Cette question inédite se pose dans le cadre de la présente affaire qui porte sur l’interprétation de l’article 1er, sous h) et j), et de l’article 7, paragraphe 1, du règlement (CE) no 423/2007 du Conseil, du 19 avril 2007, concernant l’adoption de mesures restrictives à l’encontre de l’Iran ( 2 ), ainsi que des règlements (UE) nos 961/2010 ( 3 ) et 267/2012 ( 4 ) (ci-après les « règlements successifs »).

3.

La présente demande de décision préjudicielle a été introduite par la Cour de cassation (France) dans le cadre d’un contentieux entre Bank Sepah, une banque iranienne dont les avoirs ont fait objet d’une mesure de gel des fonds et des ressources économiques et deux créditeurs de cette banque, Overseas Financial Limited et Oaktree Finance Limited. Elle donne l’occasion à la Cour de clarifier ultérieurement la portée des notions de « gel des fonds » et de « gel des ressources économiques ».

II. Le cadre juridique

4.

Dans le cadre des mesures adoptées pour faire pression sur la République islamique d’Iran afin que cette dernière mette fin à ses activités nucléaires posant un risque de prolifération et à la mise au point de vecteurs d’armes nucléaires, le Conseil de l’Union européenne a mis en œuvre la résolution 1737 (2006) du Conseil de sécurité des Nations unies (ci-après le « Conseil de sécurité »), du 23 décembre 2006 – qui prévoyait le gel des fonds et des ressources économiques des personnes et entités concourant au programme nucléaire ou de missiles balistiques iranien – en adoptant la position commune 2007/140/PESC, du 27 février 2007, concernant l’adoption de mesures restrictives à l’encontre de l’Iran ( 5 ).

5.

L’article 5, paragraphe 1, de cette position commune prévoyait le gel des fonds et des ressources économiques appartenant aux personnes et entités désignées à l’annexe de la résolution 1737(2006), ou désignées conformément à ladite résolution, de même que tous les fonds et ressources économiques que ces personnes ou entités possèdent, détiennent ou contrôlent, directement ou indirectement.
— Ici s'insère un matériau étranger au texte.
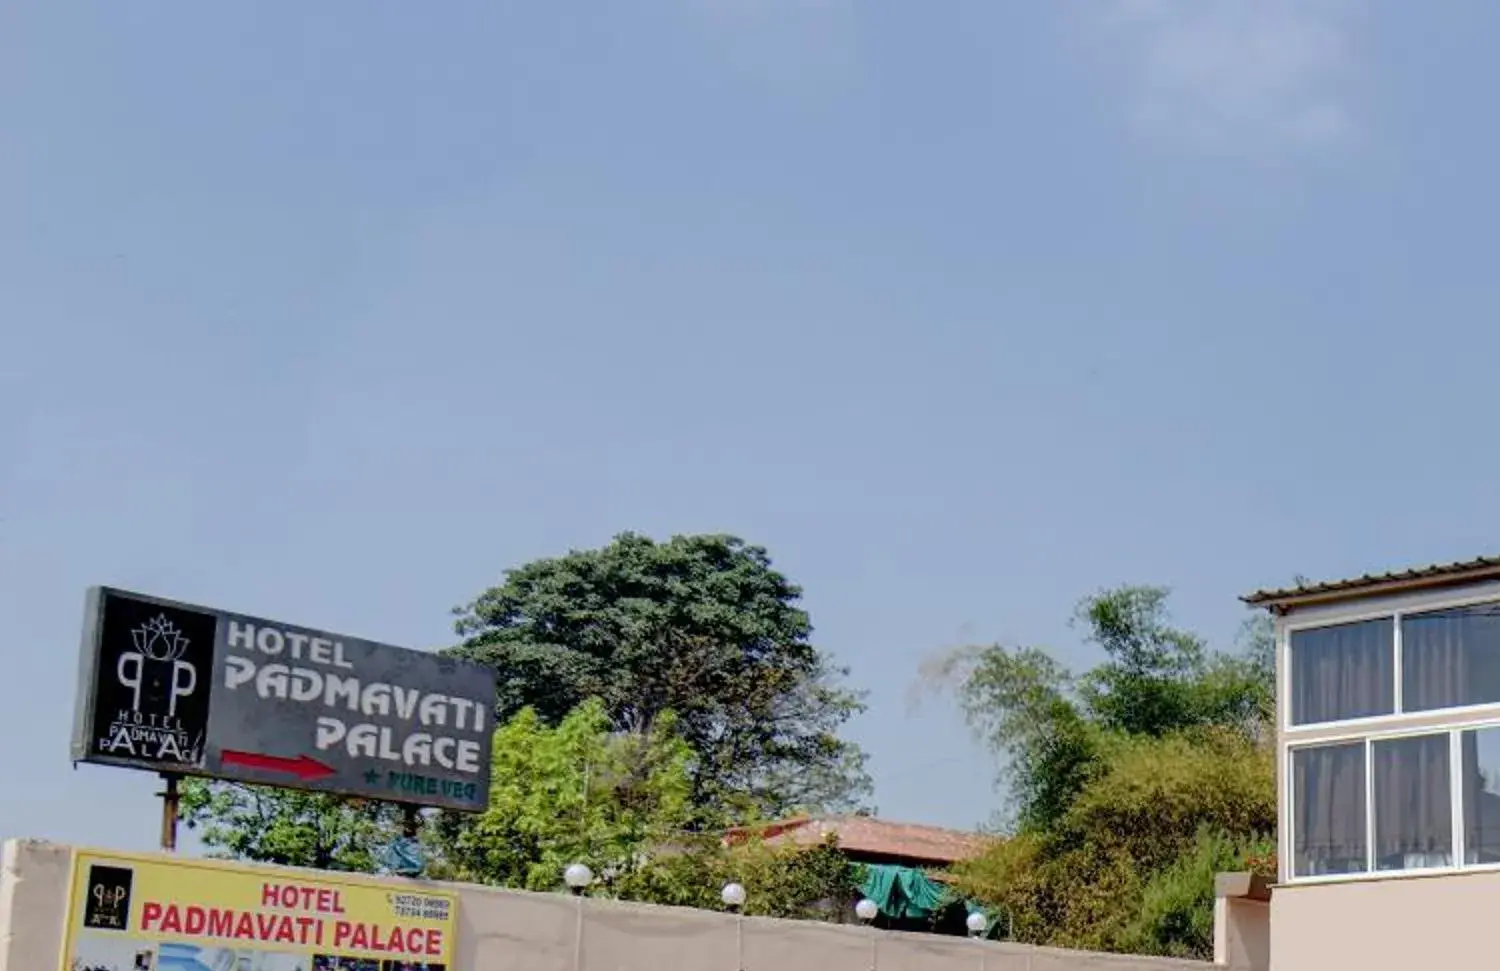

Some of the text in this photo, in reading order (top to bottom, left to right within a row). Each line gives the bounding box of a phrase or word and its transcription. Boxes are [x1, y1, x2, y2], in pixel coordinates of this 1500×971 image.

Lesdites personnes et entités étaient énumérées à l’annexe I de ladite position commune.

6.

La liste figurant en annexe de la résolution 1737 (2006) a été mise à jour par plusieurs résolutions ultérieures, notamment par la résolution 1747 (2007) du Conseil de sécurité, du 24 mars 2007. À la suite de cette dernière résolution, le Conseil a adopté la position commune 2007/246/PESC ( 6 ).

7.

Sur le fondement de la position commune 2007/140, le Conseil a adopté le règlement no 423/2007.

8.

L’article 1er, sous h) et j) de ce règlement prévoit :

« Aux seules fins du présent règlement, on entend par :

[...]

h)

“gel des fonds”, toute action visant à empêcher tout mouvement, transfert, modification, utilisation ou manipulation de fonds qui aurait pour conséquence un changement de leur volume, de leur montant, de leur localisation, de leur propriété, de leur possession, de leur nature, de leur destination ou toute autre modification qui pourrait en permettre l’utilisation, notamment la gestion de portefeuilles ;

[...]

j)

“gel des ressources économiques”, toute action visant à empêcher l’utilisation de ressources économiques afin d’obtenir des fonds, des biens ou des services de quelque manière que ce soit, et notamment, mais pas exclusivement, leur vente, leur location ou leur mise sous hypothèque ; »

9.

L’article 7 dudit règlement dispose :

« 1.   Sont gelés tous les fonds et ressources économiques qui appartiennent aux personnes, aux entités ou aux organismes cités à l’annexe IV, de même que tous les fonds et ressources économiques que ces personnes, entités et organismes possèdent, détiennent ou contrôlent. [...]

[...]

3.   Aucun fonds ni aucune ressource économique n’est mis, directement ou indirectement, à la disposition des personnes physiques ou morales, des entités ou des organismes cités aux annexes IV et V, ni dégagé à leur profit.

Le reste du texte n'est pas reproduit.